[RECORDED INFORMATION Boundary: Start]

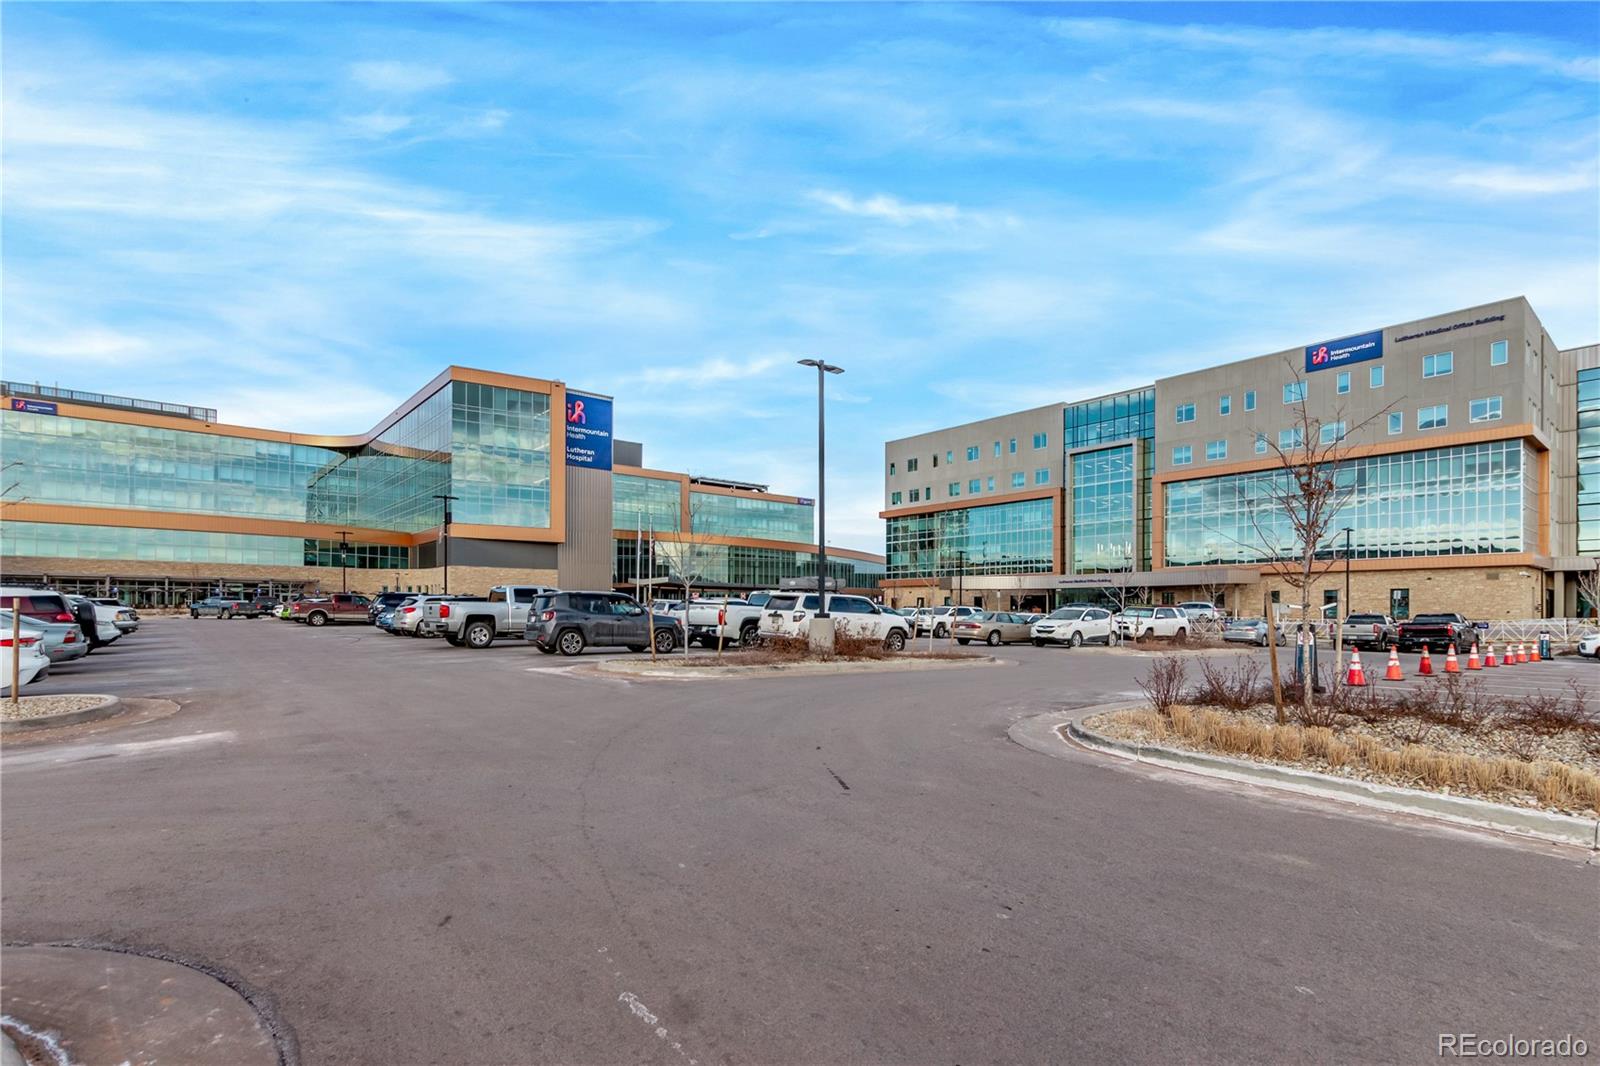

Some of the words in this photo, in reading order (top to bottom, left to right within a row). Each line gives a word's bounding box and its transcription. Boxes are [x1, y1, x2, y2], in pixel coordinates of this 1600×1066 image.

[1395, 332, 1424, 343] Lutheran
[1425, 326, 1452, 336] Medical
[1453, 321, 1474, 330] Office
[1475, 315, 1505, 325] Building
[1330, 341, 1376, 355] Intermountain
[1330, 353, 1350, 361] Health
[566, 425, 609, 437] Intermountain
[566, 432, 586, 440] Health
[566, 446, 595, 456] Lutheran
[566, 454, 593, 462] Hospital
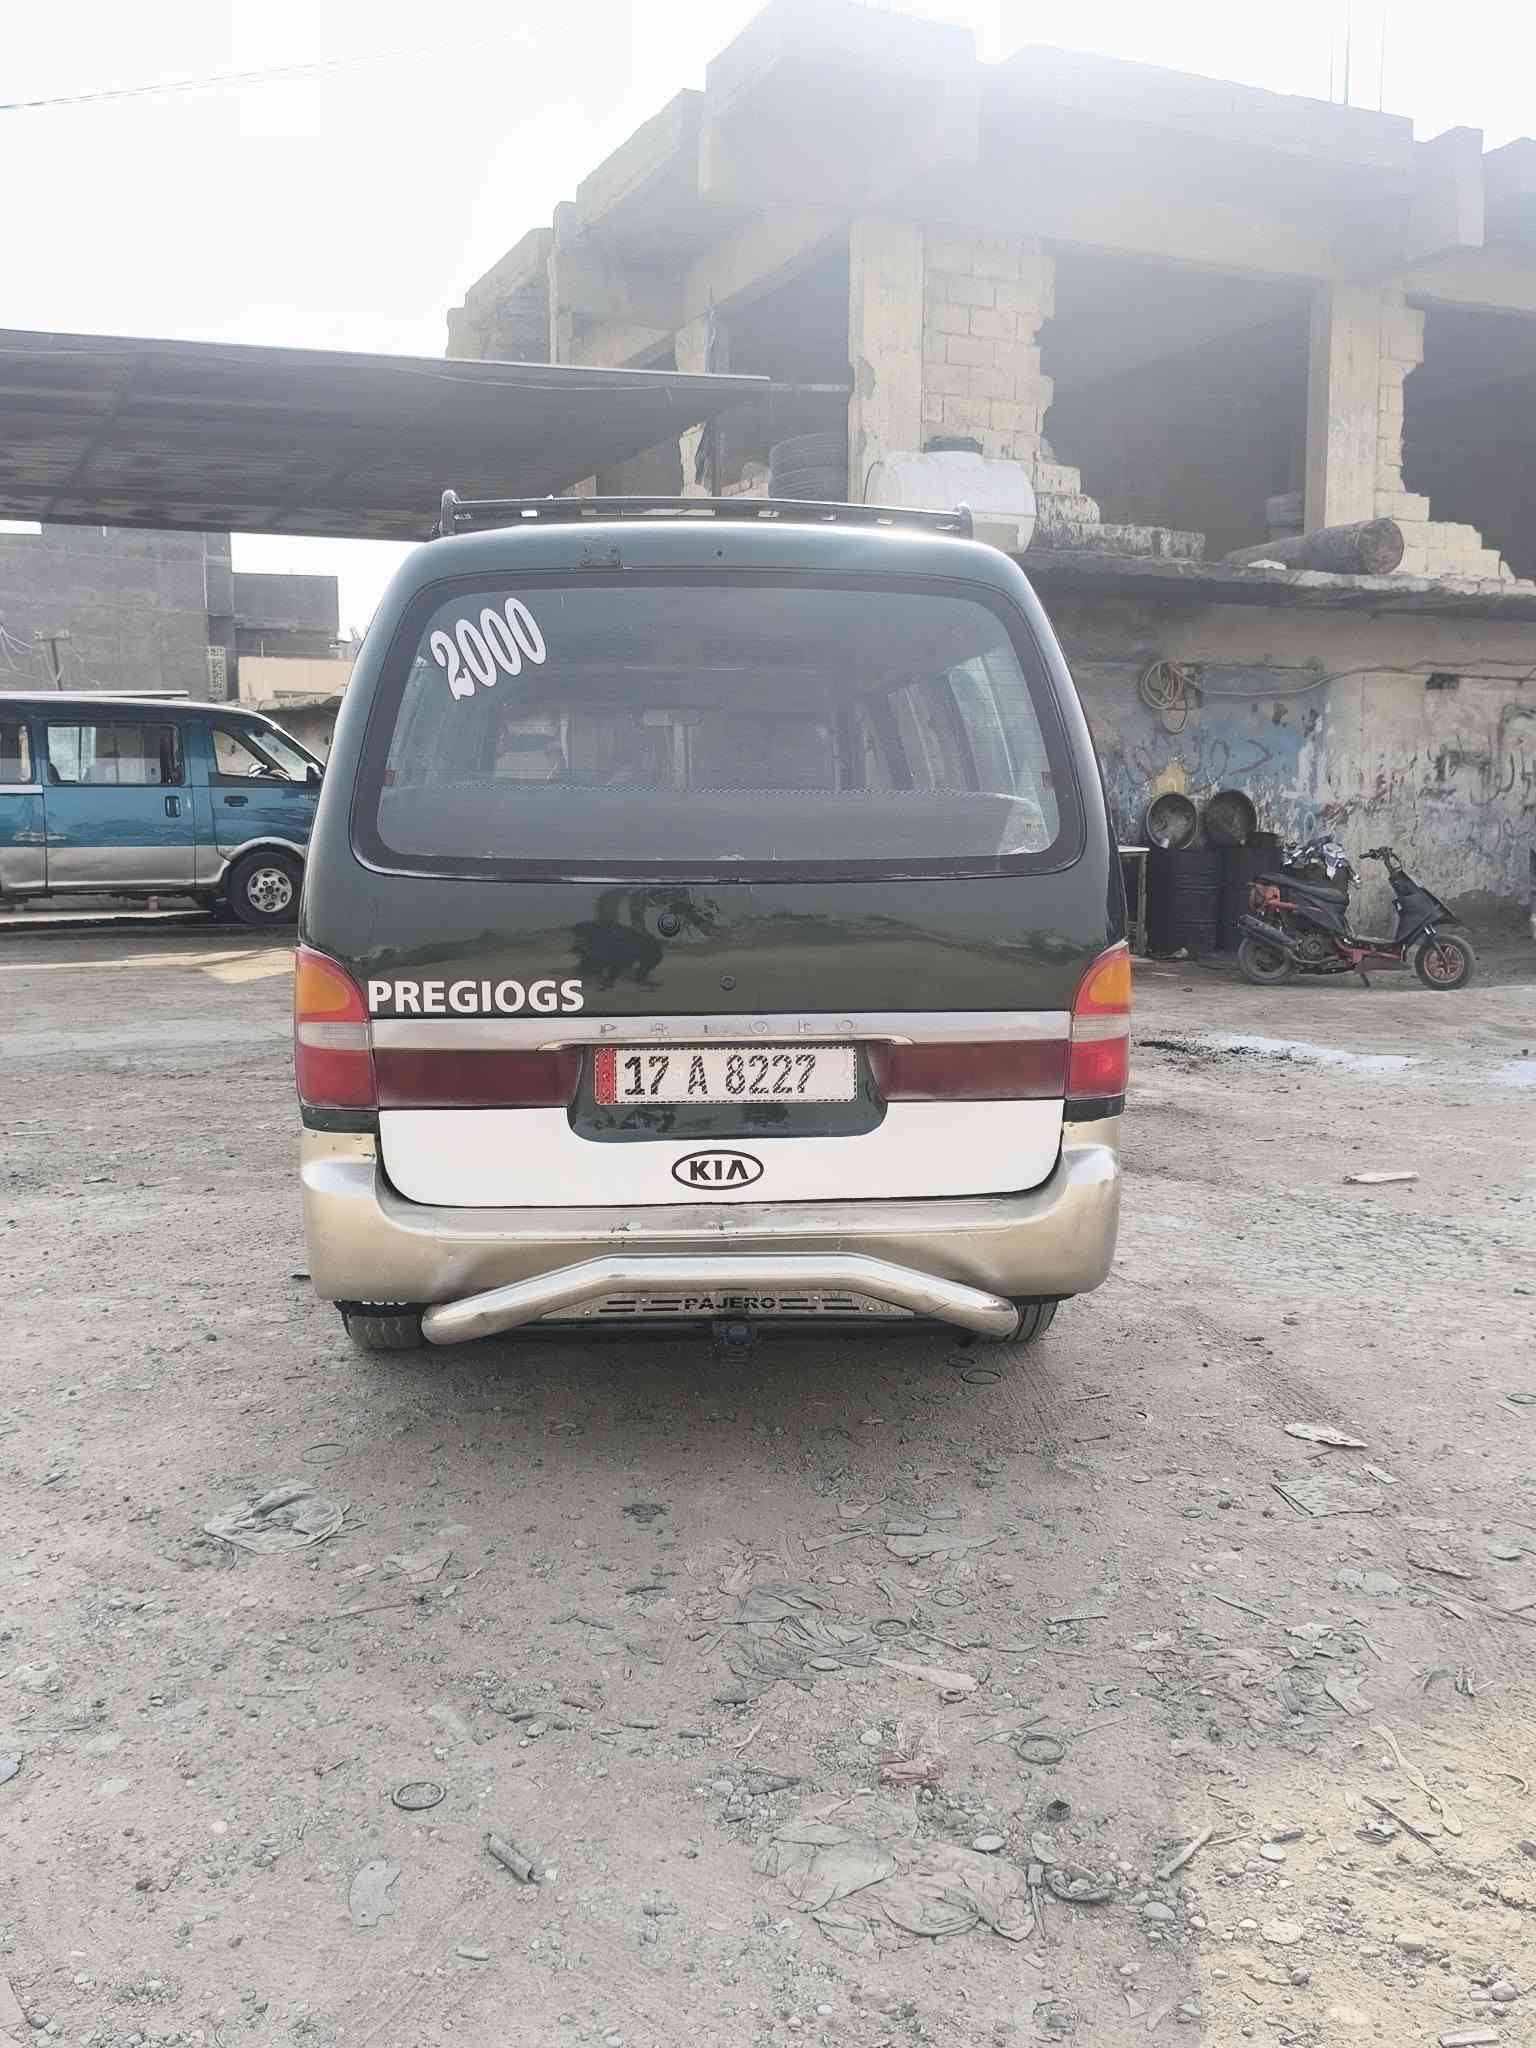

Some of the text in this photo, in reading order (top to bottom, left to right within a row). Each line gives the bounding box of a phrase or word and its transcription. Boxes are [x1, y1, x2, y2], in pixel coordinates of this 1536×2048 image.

[430, 597, 547, 701] 2000
[367, 979, 585, 1013] PREGIOGS
[624, 1055, 670, 1096] 17
[687, 1055, 709, 1095] A
[724, 1054, 816, 1095] 8227
[689, 1159, 749, 1181] KIA
[684, 1297, 776, 1310] PAJERO
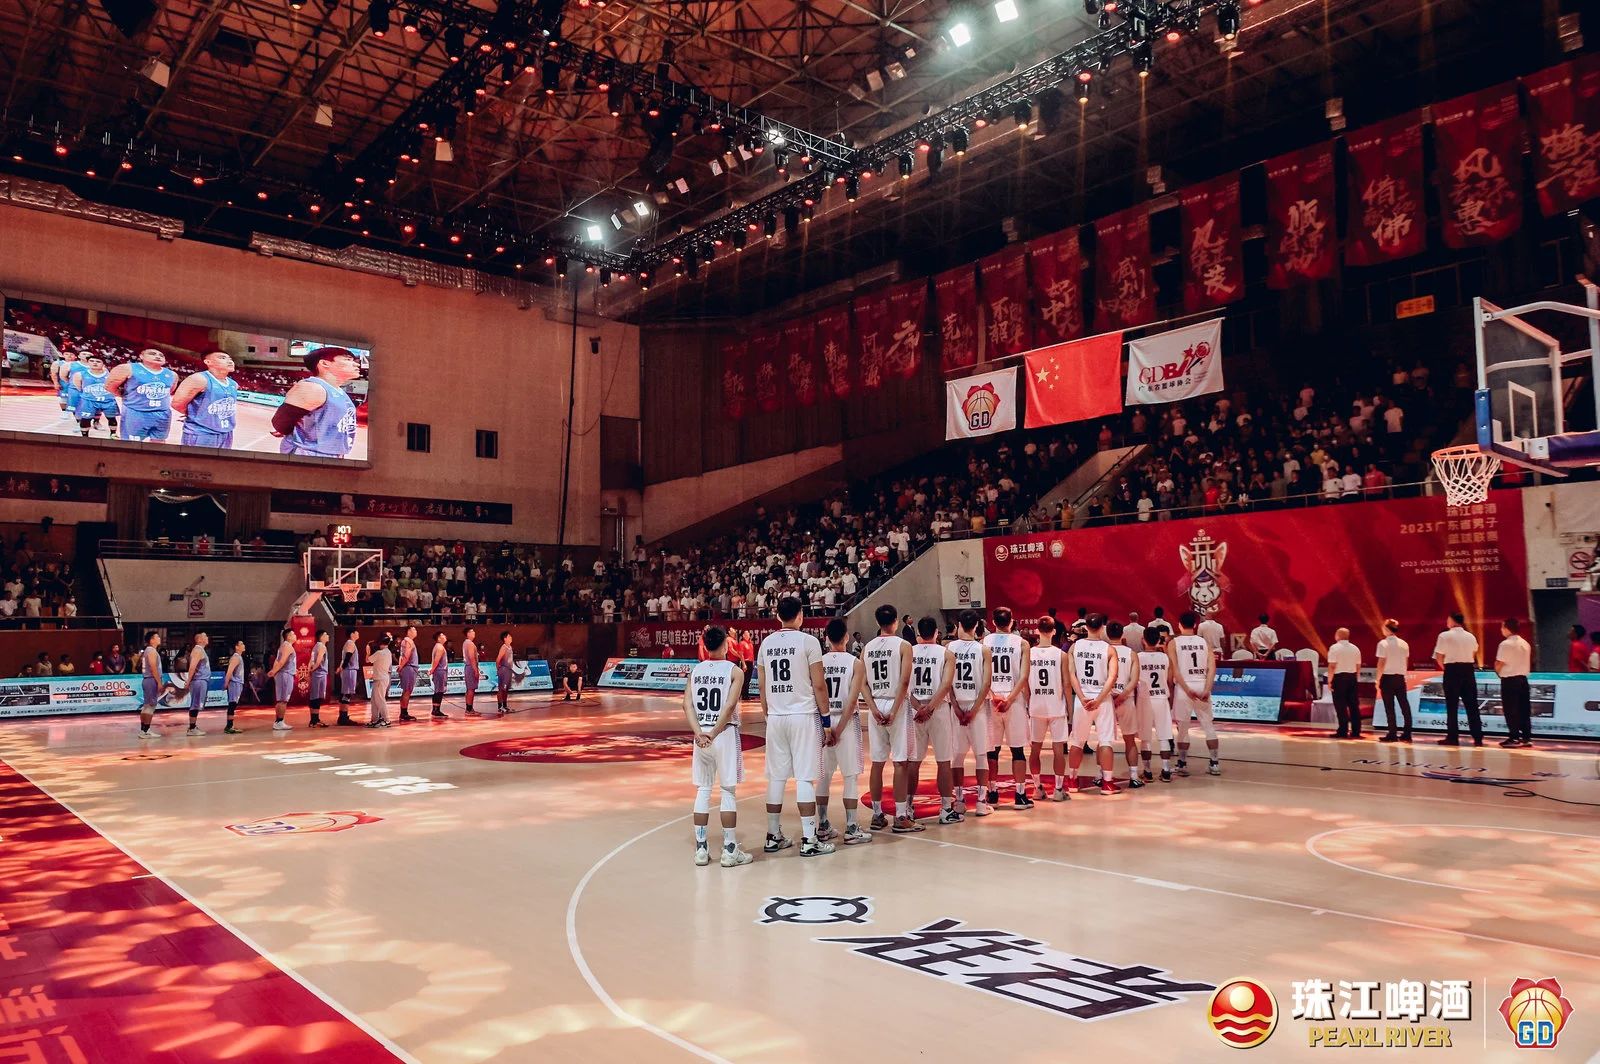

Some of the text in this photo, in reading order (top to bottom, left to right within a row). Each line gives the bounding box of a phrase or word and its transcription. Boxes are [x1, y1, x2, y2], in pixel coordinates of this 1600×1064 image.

[970, 411, 990, 428] GD
[333, 533, 348, 543] 24
[1473, 548, 1499, 556] RIVER
[1420, 558, 1471, 567] GUANGDONG
[1467, 564, 1500, 572] LEAGUE
[991, 655, 1011, 674] 10
[1084, 660, 1096, 678] 5
[1191, 652, 1198, 668] 1
[770, 658, 791, 682] 18
[872, 660, 888, 681] 15
[914, 666, 932, 686] 14
[955, 662, 973, 682] 12
[1038, 668, 1049, 687] 9
[825, 677, 841, 699] 17
[1149, 672, 1161, 688] 2
[697, 687, 721, 711] 30

[RECORDED INFORMATION Boundary: End]

ACTIVITY. Copy the data word for word. Pictures do not go in the copy.

TASK ANSWER.
Some of the words in this photo, in reading order (top to bottom, left to right within a row). Each line gives a word's bounding box and its transcription. Boxes are [x1, y1, x2, y2], in pixel coordinates of this 1600×1066 image.

[1395, 332, 1424, 343] Lutheran
[1425, 326, 1452, 336] Medical
[1453, 321, 1474, 330] Office
[1475, 315, 1505, 325] Building
[1330, 341, 1376, 355] Intermountain
[1330, 353, 1350, 361] Health
[566, 425, 609, 437] Intermountain
[566, 432, 586, 440] Health
[566, 446, 595, 456] Lutheran
[566, 454, 593, 462] Hospital

Some of the text in this photo, in reading order (top to bottom, left to right within a row). Each line gives the bounding box of a phrase or word and its transcription. Boxes are [x1, y1, x2, y2], in pixel coordinates of this 1536×2048 image.

[430, 597, 547, 701] 2000
[367, 979, 585, 1013] PREGIOGS
[624, 1055, 670, 1096] 17
[687, 1055, 709, 1095] A
[724, 1054, 816, 1095] 8227
[689, 1159, 749, 1181] KIA
[684, 1297, 776, 1310] PAJERO

Some of the text in this photo, in reading order (top to bottom, left to right within a row). Each line gives the bounding box of a phrase or word and its transcription. Boxes are [x1, y1, x2, y2], in pixel coordinates of this 1600×1064 image.

[970, 411, 990, 428] GD
[333, 533, 348, 543] 24
[1473, 548, 1499, 556] RIVER
[1420, 558, 1471, 567] GUANGDONG
[1467, 564, 1500, 572] LEAGUE
[991, 655, 1011, 674] 10
[1084, 660, 1096, 678] 5
[1191, 652, 1198, 668] 1
[770, 658, 791, 682] 18
[872, 660, 888, 681] 15
[914, 666, 932, 686] 14
[955, 662, 973, 682] 12
[1038, 668, 1049, 687] 9
[825, 677, 841, 699] 17
[1149, 672, 1161, 688] 2
[697, 687, 721, 711] 30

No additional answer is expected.